Instruction latencies are not information that GPU manufacturers typically give out in their public specifications, as they are of interest to game and application developers. This is why they are often overlooked by the general public. However, this is information that hardware fans are always interesting to know.
Latency of instructions on a GPU
Instruction latency in each processor is the time, measured in clock cycles, between the processing unit and the data it needs to perform an operation. If the data is not found in the registers, then it is necessary for the capture mechanism to go through the entire structure of the cache until it reaches a data item.
Since GPUs are made up of a large number of cores compared to CPUs, the number of requests made to VRAM is huge. Therefore, their cores have a different makeup and are based more on executing multiple contexts or threads than on serial execution. This allows them to jump from one context to another while waiting for data from one of the execution threads.
However, instruction latency in a GPU is also important, although to a lesser extent than in a CPU, since a GPU doesn’t always have the level of tasks to do to keep it busy. Additionally, there are times in the 3D pipeline such as Pixel / Fragment Shaders, where VRAM access is continuous and low latency is required to resolve most threads of execution.
AMD RX 6000 vs. NVIDIA RTX 30 in latencies
The Chips and Cheese website decided to measure the latencies of the latest gaming GPUs, NVIDIA RTX 30 and AMD RX 6000, for this they used the pointer tracking test in OpenCL. This test consists of copying entire blocks of data from VRAM to caches.
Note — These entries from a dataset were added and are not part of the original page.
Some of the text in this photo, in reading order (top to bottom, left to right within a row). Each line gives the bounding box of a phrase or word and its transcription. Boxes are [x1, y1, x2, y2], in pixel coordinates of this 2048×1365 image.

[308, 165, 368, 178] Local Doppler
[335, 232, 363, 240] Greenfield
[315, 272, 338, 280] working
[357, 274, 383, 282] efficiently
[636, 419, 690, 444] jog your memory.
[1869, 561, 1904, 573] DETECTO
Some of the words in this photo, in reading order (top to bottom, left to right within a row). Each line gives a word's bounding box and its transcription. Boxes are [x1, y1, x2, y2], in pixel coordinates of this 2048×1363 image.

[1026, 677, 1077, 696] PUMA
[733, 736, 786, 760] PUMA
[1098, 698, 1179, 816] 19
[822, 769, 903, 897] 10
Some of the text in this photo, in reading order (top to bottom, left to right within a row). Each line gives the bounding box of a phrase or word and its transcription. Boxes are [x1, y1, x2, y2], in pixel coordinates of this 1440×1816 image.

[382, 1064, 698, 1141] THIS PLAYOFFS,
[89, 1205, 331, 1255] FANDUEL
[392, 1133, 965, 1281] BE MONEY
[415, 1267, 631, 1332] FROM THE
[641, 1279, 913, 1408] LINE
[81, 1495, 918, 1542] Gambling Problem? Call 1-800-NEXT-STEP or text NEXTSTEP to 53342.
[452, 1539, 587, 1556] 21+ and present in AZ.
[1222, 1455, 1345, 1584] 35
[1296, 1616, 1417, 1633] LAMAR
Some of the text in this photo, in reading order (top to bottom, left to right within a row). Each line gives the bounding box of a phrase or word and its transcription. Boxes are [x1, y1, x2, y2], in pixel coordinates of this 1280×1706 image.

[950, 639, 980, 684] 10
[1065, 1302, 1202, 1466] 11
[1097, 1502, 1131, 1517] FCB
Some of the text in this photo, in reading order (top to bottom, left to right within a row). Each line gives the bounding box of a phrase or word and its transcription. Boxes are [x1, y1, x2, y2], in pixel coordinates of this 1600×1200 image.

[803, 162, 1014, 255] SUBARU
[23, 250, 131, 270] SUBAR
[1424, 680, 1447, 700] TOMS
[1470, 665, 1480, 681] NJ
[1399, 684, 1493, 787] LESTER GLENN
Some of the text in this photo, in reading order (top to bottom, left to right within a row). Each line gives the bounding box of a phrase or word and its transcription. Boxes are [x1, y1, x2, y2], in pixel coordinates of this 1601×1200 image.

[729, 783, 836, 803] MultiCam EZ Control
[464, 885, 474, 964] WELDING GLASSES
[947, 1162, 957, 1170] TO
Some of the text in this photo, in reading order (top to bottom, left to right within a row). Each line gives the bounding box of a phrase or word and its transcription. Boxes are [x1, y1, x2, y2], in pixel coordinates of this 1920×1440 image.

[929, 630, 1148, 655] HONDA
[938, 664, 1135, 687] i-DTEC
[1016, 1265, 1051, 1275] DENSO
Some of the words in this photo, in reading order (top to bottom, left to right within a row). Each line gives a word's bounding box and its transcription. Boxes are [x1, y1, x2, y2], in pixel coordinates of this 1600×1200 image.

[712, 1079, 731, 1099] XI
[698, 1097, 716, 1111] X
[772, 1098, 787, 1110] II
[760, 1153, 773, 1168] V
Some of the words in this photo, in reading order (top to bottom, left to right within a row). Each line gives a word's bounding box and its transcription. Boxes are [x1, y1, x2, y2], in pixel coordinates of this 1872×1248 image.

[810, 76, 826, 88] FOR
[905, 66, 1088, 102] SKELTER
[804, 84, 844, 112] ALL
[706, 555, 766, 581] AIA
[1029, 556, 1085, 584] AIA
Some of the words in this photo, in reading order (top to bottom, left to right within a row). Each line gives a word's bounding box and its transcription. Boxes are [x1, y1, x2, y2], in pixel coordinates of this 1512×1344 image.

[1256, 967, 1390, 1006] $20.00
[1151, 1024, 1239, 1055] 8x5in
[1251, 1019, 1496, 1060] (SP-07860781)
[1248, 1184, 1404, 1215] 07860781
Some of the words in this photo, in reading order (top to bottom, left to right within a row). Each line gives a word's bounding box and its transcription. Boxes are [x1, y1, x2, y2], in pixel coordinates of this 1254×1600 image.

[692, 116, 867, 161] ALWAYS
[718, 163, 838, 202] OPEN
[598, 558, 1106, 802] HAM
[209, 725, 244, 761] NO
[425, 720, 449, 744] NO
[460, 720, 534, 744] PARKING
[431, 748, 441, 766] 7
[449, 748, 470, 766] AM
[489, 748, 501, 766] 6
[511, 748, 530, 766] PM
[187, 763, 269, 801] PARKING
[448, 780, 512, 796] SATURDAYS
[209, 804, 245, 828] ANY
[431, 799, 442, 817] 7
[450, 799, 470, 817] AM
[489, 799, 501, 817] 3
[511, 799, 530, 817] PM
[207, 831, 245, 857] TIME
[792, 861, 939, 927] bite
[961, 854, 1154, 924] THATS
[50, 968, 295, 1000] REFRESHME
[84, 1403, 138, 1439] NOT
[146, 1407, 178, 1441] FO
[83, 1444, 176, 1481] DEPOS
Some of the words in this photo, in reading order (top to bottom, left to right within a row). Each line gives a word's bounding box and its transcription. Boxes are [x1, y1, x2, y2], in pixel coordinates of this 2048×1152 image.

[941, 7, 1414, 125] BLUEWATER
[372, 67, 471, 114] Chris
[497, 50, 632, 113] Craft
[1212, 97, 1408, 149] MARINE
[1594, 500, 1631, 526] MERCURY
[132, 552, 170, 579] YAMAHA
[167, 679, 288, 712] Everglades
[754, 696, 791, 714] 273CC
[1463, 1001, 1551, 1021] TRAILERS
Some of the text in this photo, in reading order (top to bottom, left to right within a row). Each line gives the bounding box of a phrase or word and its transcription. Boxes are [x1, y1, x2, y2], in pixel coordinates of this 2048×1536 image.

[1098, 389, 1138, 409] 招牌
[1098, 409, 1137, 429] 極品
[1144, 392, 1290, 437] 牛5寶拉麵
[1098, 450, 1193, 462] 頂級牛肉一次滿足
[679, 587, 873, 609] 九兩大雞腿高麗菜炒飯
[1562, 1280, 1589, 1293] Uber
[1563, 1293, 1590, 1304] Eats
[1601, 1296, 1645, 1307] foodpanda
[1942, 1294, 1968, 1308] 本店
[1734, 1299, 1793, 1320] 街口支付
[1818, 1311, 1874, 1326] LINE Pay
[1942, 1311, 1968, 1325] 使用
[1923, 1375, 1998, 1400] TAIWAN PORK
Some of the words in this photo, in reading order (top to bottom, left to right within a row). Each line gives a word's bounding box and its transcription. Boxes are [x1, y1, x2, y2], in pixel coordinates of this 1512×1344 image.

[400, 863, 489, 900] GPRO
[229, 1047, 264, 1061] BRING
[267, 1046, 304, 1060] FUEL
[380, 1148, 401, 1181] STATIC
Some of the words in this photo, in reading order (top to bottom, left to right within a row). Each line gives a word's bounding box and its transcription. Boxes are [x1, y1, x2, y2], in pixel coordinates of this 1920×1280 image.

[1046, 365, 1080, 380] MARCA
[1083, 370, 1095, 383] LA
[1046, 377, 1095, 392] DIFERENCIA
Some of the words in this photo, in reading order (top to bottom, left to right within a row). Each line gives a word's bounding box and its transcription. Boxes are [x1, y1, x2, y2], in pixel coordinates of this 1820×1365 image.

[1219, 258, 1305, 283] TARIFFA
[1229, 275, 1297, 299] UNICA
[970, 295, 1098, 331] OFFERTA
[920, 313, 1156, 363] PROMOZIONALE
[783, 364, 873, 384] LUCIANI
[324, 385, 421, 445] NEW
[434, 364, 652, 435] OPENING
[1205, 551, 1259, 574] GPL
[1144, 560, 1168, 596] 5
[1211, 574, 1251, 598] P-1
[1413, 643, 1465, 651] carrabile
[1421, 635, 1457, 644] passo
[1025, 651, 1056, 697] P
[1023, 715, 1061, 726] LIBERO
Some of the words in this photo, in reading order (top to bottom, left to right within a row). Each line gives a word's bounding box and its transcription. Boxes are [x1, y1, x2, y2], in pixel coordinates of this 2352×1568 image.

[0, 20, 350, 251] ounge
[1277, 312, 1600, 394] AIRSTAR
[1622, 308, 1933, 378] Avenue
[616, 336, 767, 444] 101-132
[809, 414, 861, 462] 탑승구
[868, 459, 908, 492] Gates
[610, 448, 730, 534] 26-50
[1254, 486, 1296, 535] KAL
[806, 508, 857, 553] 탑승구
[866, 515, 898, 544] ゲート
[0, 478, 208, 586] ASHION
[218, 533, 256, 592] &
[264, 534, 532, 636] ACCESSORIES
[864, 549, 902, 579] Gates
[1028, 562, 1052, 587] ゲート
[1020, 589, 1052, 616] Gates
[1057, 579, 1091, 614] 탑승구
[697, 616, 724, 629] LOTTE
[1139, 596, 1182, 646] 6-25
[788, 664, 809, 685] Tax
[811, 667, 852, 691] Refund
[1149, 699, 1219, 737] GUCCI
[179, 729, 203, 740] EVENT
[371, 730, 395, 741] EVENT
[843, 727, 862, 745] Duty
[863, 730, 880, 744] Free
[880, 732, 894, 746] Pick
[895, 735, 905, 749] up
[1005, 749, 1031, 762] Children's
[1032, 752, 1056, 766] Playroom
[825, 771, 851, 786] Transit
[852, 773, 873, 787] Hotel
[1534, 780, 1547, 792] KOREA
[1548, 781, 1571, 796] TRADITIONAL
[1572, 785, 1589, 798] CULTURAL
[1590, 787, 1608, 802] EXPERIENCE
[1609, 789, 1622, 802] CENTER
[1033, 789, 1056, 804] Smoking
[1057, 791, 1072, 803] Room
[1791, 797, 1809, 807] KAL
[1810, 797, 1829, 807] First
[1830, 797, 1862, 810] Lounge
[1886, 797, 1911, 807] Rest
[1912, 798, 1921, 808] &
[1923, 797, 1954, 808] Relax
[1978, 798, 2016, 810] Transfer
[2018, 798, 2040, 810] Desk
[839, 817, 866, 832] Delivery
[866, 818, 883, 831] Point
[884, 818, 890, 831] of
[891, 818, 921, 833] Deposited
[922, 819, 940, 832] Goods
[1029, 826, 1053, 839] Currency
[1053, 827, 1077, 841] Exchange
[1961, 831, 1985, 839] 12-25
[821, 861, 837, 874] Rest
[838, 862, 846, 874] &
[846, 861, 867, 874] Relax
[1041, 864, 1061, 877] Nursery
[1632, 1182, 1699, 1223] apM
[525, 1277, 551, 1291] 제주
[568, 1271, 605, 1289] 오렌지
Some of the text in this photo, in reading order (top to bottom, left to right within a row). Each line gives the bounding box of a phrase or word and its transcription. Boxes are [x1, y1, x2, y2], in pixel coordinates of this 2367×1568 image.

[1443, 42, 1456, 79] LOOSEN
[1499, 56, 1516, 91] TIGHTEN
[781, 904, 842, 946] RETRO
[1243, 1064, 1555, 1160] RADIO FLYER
Depending on the size of the block, this data can be copied to the different cache levels on the GPU, to subsequently measure the access time to the entire block, which will be at different levels depending on its size.
The test shows how AMD changed its cache hierarchy in RDNA architectures, as that was one of the points where its previous graphics architecture, GCN, was well below NVIDIA. Keep in mind that besides the Infinity cache, the AMD architecture has 3 cache levels: L0 in the compute unit, L1 in Shader Array, then L2. As for the Infinity cache, it only adds an extra 20 nanoseconds to access compared to L2.
As for NVIDIA, its cache structure has not evolved since Maxwell, GTX 900. The time to go from the cache inside the SM of the RTX 30 to the L2 cache is 100 nanoseconds, while in AMD it goes from its equivalent to L2 cache is only 66 ns with a level in the middle. One of the causes could be the huge size of NVIDIA’s GPUs compared to AMD’s. Being the cache one of the improvements NVIDIA could have applied to Lovelace.